In Deutschland sind Schutzimpfungen für Kinder und Erwachsene freiwillig. Ärzte schätzen, dass etwa drei Prozent der Deutschen diese Maßnahmen grundsätzlich ablehnen. Die Gründe dafür sind vielfältig. Einige sehen die Wirksamkeit von Impfungen nicht als erwiesen an und fürchten, dass die Erreger, die dem Körper bei einer Impfung zugefügt werden, Schaden anrichten.

Andere finden, dass Kinder Krankheiten brauchen, um ihre Persönlichkeit zu stärken und sich im Leben besser zu Recht zu finden. Manche Eltern schicken ihre Kinder sogar bewusst auf so genannte Masern-Parties, damit sie sich anstecken und somit später gegen die Krankheit immun sind.

Kinderarzt Radinger hat dafür kein Verständnis. "Die Impfungen, die wir durchführen, sind keine Impfungen gegen banale Erkrankungen, sondern gegen tatsächliche schwere oder tödlich verlaufende Infektionen."

Ein Junge aus Nigeria erhält eine Polio-Schluck-Impfung (Foto: DPA)

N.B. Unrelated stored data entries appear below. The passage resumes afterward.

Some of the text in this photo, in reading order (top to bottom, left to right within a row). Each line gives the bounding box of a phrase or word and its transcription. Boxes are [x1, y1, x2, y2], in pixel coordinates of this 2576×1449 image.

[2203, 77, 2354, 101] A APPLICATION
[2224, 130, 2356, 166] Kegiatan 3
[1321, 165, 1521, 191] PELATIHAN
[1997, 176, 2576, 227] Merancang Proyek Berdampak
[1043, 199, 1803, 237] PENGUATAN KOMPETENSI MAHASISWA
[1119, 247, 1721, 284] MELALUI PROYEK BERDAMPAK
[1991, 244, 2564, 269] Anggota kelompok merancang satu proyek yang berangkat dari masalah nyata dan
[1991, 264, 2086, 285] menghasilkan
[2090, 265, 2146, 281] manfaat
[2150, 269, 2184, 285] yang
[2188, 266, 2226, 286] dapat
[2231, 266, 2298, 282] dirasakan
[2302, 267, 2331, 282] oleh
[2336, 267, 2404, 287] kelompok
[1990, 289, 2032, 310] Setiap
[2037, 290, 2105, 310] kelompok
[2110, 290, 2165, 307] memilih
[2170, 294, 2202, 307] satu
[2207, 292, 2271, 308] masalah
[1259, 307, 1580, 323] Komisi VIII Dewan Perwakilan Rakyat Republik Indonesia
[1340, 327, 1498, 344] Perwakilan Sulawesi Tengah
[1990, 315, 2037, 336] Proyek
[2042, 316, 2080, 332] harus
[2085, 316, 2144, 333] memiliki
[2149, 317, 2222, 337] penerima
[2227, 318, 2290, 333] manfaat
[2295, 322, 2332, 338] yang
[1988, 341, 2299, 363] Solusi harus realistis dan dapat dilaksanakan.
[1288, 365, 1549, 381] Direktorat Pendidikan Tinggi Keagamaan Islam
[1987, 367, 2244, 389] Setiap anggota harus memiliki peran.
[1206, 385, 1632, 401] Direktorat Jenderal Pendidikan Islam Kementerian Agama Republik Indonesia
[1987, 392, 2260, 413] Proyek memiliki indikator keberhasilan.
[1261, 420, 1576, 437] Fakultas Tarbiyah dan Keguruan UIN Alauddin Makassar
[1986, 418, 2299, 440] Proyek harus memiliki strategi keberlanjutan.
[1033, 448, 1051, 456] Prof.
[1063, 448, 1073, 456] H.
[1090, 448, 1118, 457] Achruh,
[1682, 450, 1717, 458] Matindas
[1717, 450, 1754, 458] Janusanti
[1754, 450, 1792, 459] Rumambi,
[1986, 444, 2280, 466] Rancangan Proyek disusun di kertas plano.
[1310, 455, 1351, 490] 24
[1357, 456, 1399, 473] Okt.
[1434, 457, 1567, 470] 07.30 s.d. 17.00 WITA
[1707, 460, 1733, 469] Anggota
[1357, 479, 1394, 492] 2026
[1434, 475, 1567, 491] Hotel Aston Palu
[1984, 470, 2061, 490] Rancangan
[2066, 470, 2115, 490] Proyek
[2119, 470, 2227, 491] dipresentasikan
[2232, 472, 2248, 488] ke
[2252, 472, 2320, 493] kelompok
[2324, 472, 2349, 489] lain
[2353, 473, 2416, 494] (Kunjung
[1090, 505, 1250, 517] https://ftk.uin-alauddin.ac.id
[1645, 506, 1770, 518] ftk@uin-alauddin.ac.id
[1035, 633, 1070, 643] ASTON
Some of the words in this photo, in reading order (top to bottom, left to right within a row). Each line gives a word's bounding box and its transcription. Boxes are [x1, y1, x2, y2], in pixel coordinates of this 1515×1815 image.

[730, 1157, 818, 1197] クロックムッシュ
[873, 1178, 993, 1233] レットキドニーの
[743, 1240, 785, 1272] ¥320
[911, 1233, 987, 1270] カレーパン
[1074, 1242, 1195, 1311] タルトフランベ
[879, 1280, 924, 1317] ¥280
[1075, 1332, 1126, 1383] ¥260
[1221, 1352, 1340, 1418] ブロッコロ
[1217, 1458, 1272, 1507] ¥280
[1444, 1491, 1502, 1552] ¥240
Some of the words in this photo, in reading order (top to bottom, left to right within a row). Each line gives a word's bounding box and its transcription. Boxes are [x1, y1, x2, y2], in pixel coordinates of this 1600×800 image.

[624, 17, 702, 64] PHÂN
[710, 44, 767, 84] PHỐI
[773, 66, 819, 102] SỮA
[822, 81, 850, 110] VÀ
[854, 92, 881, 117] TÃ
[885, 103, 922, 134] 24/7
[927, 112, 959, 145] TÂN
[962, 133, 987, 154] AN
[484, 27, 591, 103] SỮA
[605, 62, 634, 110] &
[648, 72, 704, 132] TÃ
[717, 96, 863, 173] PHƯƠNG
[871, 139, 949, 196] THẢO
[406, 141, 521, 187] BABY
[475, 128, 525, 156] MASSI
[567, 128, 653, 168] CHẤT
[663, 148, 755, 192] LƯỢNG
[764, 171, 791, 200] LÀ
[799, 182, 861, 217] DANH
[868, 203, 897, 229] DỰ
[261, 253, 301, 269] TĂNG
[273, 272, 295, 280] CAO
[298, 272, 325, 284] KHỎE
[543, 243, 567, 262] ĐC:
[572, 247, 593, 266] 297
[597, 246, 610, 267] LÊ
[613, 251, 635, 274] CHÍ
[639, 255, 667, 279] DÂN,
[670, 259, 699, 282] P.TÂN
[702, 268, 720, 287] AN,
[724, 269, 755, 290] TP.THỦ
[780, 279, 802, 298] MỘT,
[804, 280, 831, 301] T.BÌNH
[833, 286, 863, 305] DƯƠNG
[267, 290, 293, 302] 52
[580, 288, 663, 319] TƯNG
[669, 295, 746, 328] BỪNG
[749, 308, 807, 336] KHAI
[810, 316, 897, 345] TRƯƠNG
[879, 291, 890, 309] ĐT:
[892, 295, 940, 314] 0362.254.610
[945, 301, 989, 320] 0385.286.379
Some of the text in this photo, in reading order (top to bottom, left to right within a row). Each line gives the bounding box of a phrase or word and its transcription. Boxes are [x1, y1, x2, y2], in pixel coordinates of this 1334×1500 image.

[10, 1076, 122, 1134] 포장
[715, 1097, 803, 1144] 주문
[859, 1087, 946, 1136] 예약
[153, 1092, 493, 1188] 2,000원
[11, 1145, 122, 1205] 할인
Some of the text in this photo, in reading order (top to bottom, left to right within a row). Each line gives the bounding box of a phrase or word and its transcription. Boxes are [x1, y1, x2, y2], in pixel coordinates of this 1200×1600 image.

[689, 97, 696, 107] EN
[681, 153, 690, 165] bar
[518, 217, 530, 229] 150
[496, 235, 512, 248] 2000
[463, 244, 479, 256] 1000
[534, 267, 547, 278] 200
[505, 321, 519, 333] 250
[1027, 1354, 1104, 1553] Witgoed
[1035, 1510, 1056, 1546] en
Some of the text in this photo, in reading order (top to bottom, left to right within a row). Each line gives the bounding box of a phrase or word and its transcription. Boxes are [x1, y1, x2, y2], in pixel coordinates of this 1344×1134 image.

Impfungen sind für Kinder in Entwicklungsländern lebenswichtig

Sabine Reiter, Leiterin des Fachgebiets Impfungen am Robert-Koch-Institut, sieht die Verantwortung jedoch nicht nur bei den Eltern. Auch Krankenkassen und Ärzte können helfen, Patienten an die Immunisierung zu erinnern und über ihren Nutzen aufzuklären. "In anderen Ländern gibt es Programme in Schulen, bei denen Impfungen angeboten werden", sagt sie. So könnten vor allem Jugendliche besser erreicht werden.

Weltweite Konsequenzen

Bis zum kommenden Jahr will die WHO die Masern weltweit ausrotten. Sabine Reiter hält das für sehr schwierig, solange Länder wie Deutschland, die Schweiz und Großbritannien keine flächendeckenden Impfungen vorweisen können.

Doch die Folgen der geringen Durchimpfungsraten sind nicht nur für Europa ein Problem. Vor allem Entwicklungsländer haben mit sogenannten importierten Viren zu kämpfen, sagt Reiter. Nicaragua zum Beispiel hatte es geschafft, die Masern auszurotten. Bis sie zum Beispiel von Touristen aus Deutschland wieder eingeschleppt wurden, erzählt sie.

Die Maßnahmen, die anschließend erforderlich seien, wie Behandlungen und Impfungen, seien sehr teuer und stellten das Gesundheitssystem dieser Länder vor immer neue Probleme. Doch vielen Deutschen sind die Auswirkungen ihres Impfverhaltens wohl nicht bewusst.